The problem: The listing below should be printed again word for word, without any images.

Supplied information:
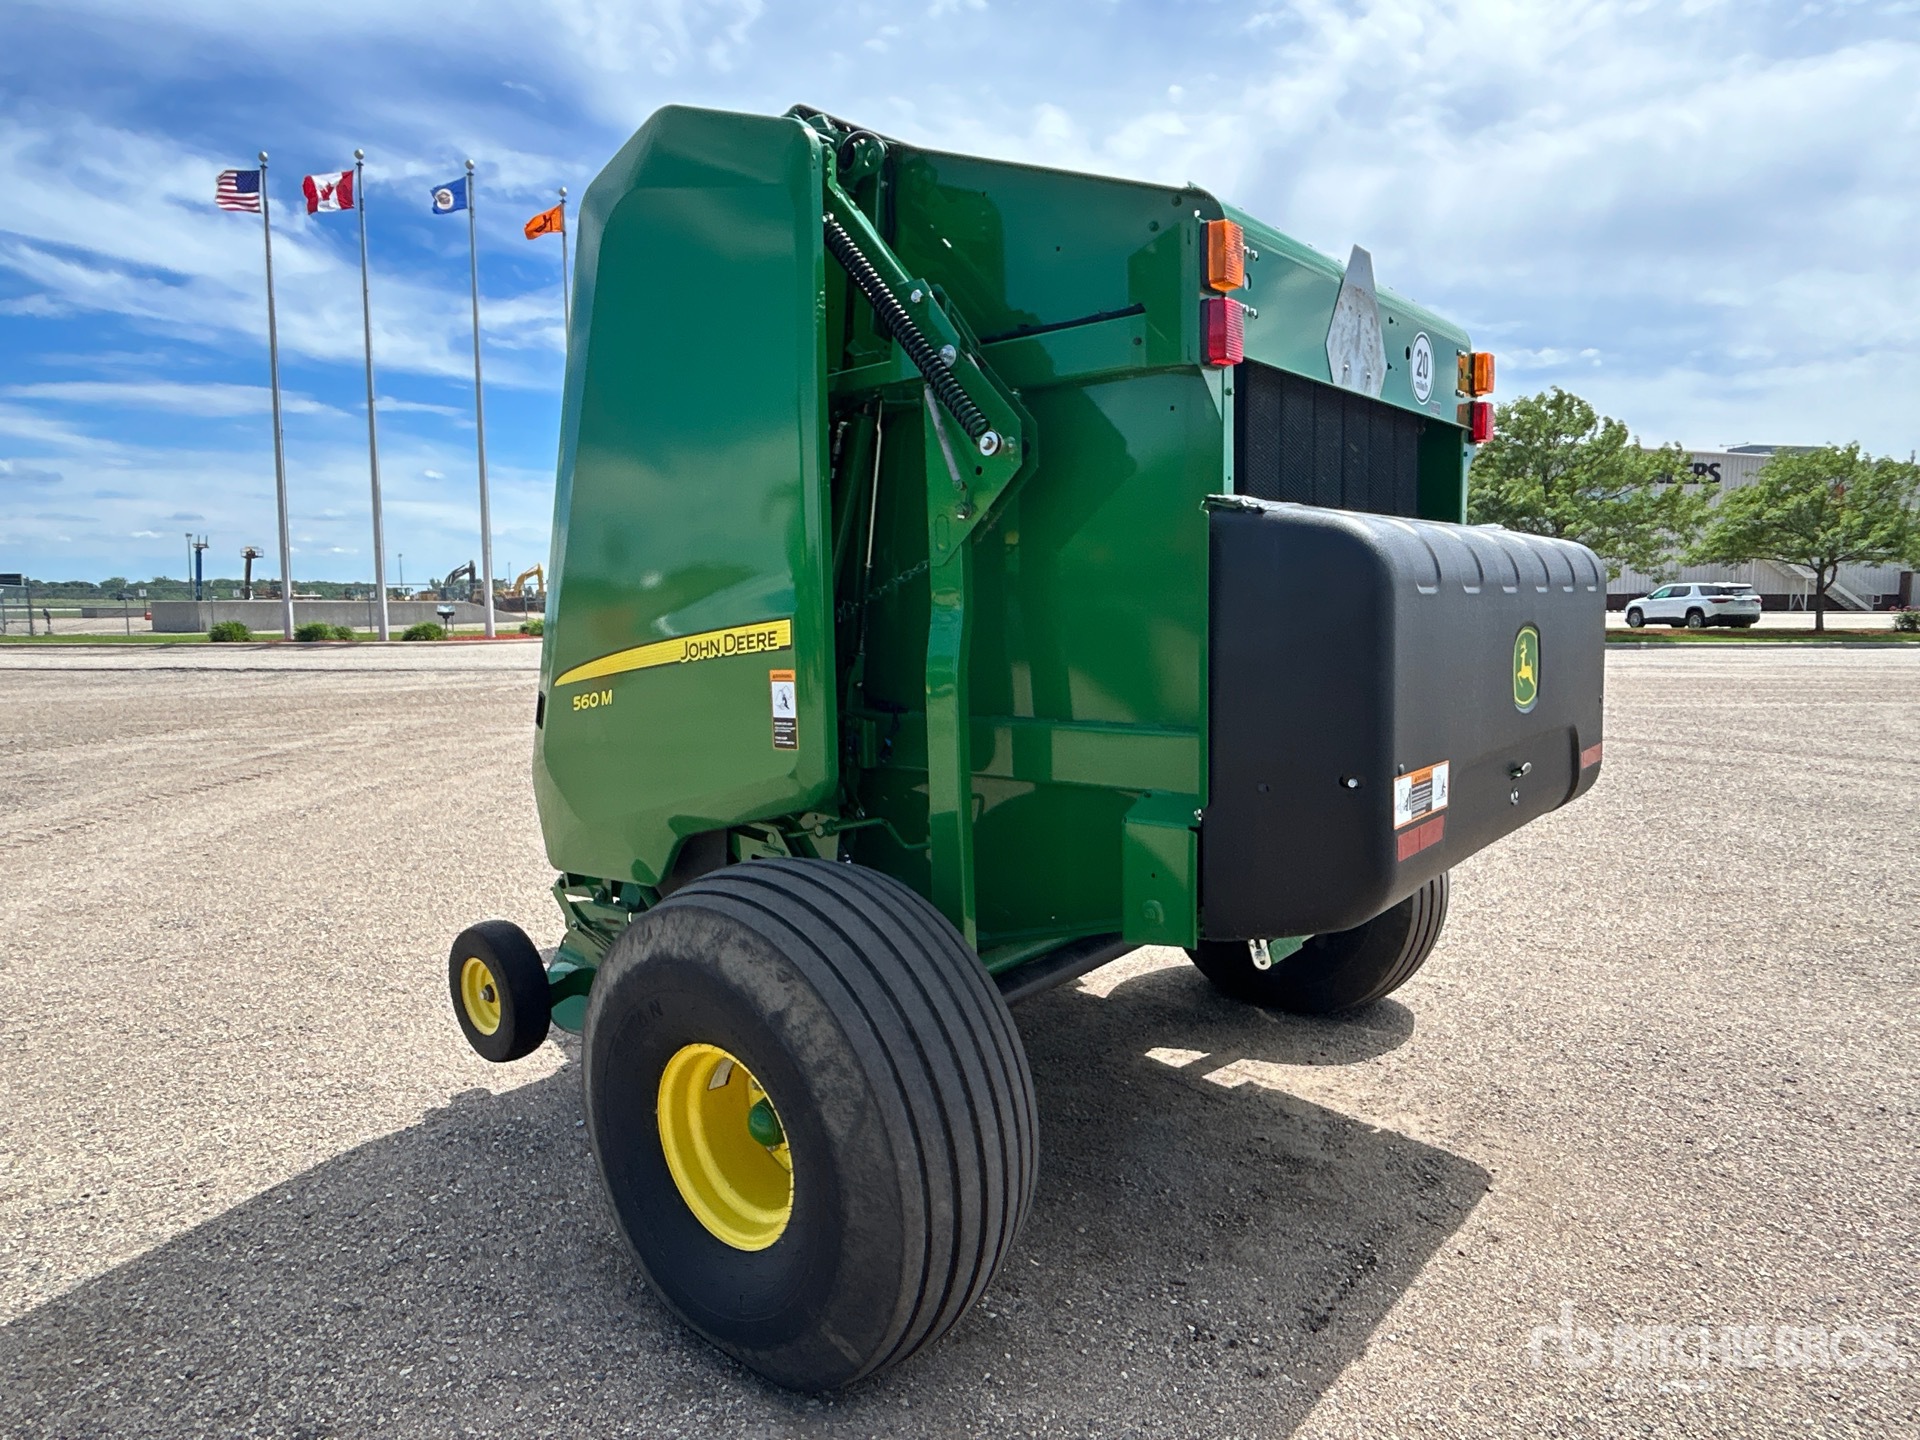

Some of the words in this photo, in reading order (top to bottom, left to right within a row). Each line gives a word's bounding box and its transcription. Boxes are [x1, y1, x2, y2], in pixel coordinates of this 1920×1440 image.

[1416, 348, 1429, 380] 20
[680, 638, 721, 661] JOHN
[723, 630, 778, 653] DEERE
[572, 691, 599, 711] 560

Response area:
Some of the words in this photo, in reading order (top to bottom, left to right within a row). Each line gives a word's bounding box and its transcription. Boxes are [x1, y1, x2, y2], in pixel coordinates of this 1920×1440 image.

[1416, 348, 1429, 380] 20
[680, 638, 721, 661] JOHN
[723, 630, 778, 653] DEERE
[572, 691, 599, 711] 560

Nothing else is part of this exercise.